To train scenes, we provide the following training scripts saved at experiments folder:

Table IV: train and test on C3VD (with training scripts saved at experiments\c3vd_v2\ folder)


Monodepth2 (baseline)	D	`supervised_c3vd_v2_monodepth2.yml`
Lite-mono (baseline)	D	`supervised_c3vd_v2_litemono.yml`
MonoViT (baseline)	D	`supervised_c3vd_v2_monovit.yml`
Monodepth2 (baseline)	M	`baseline_c3vd_v2_monodepth2.yml`
Lite-mono (baseline)	M	`baseline_c3vd_v2_litemono.yml`
MonoViT (baseline)	M	`baseline_c3vd_v2_monovit.yml`
Monodepth2 + $\mathcal{L}_{bis}^*$ + $\mathcal{L}_m$ (MonoLoT)	M	`RCC_matching_cropalign_c3vd_v2_monodepth2.yml`
Lite-mono + $\mathcal{L}_{bis}^+$ + $\mathcal{L}_m$ (MonoLoT)	M	`RC_matching_c3vd_v2_litemono.yml`
MonoViT + $\mathcal{L}_{bis}^+$ + $\mathcal{L}_m$ (MonoLoT)	M	`RC_matching_c3vd_v2_monovit.yml`

Table V: train and test on SimCol (with training scripts saved at experiments\simcol_complete\ folder)

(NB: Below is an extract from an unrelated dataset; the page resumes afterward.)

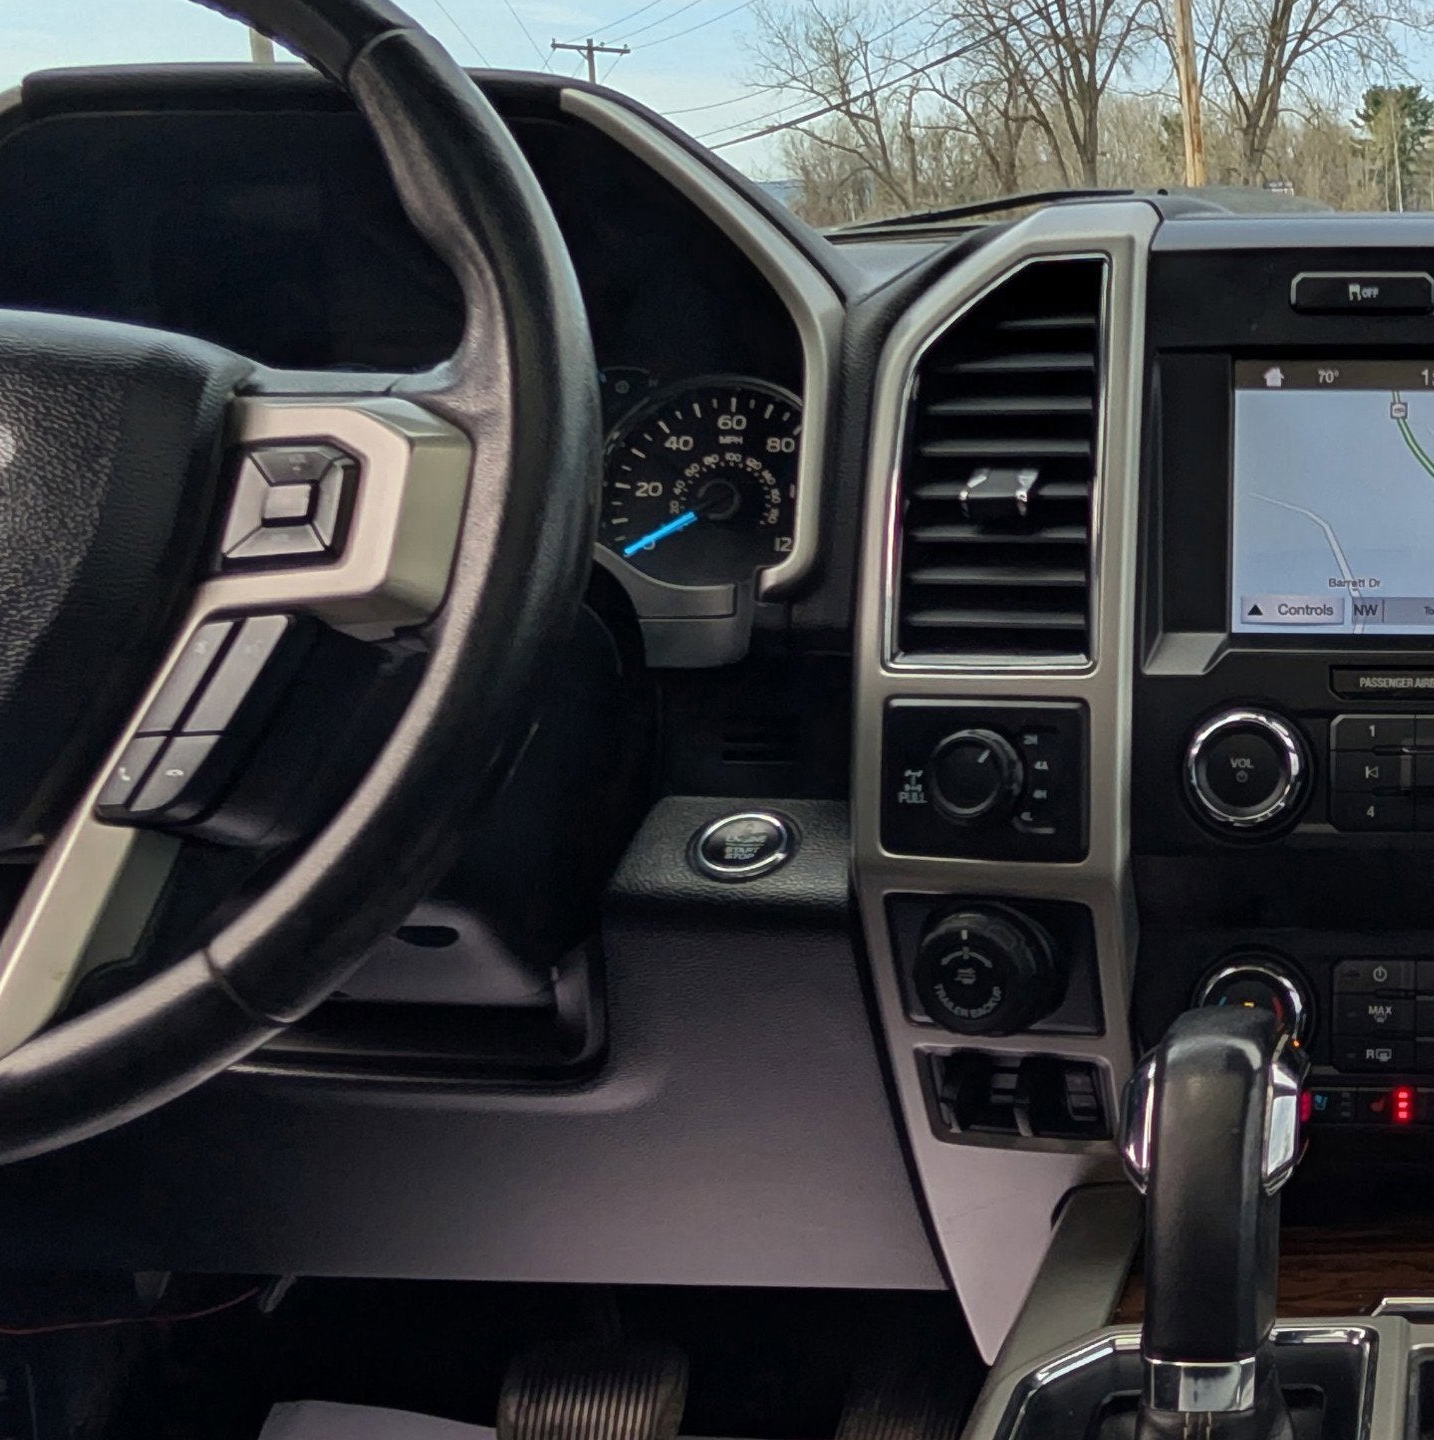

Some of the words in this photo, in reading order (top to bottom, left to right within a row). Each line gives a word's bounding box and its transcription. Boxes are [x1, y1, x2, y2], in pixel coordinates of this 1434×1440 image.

Monodepth2 (baseline)	D	`supervised_simcol_complete_monodepth2.yml`
Lite-mono (baseline)	D	`supervised_simcol_complete_litemono.yml`
MonoViT (baseline)	D	`supervised_simcol_complete_monovit.yml`
Monodepth2 (baseline)	M	`baseline_simcol_complete_monodepth2.yml`
Lite-mono (baseline)	M	`baseline_simcol_complete_litemono.yml`
MonoViT (baseline)	M	`baseline_simcol_complete_monovit.yml`
Monodepth2 + $\mathcal{L}_{bis}^*$ + $\mathcal{L}_m$ (MonoLoT)	M	`RCC_cropalign_matching_simcol_complete_monodepth2.yml`
Lite-mono + $\mathcal{L}_{bis}^*$ + $\mathcal{L}_m$ (MonoLoT)	M	`RCC_cropalign_matching_simcol_complete_litemono.yml`
MonoViT + $\mathcal{L}_{bis}^+$ + $\mathcal{L}_m$ (MonoLoT)	M	`RC_matching_simcol_complete_monovit.yml`

Table VI: ablation study on C3VD (with training scripts saved at experiments\ablation_c3vd_v2\ folder)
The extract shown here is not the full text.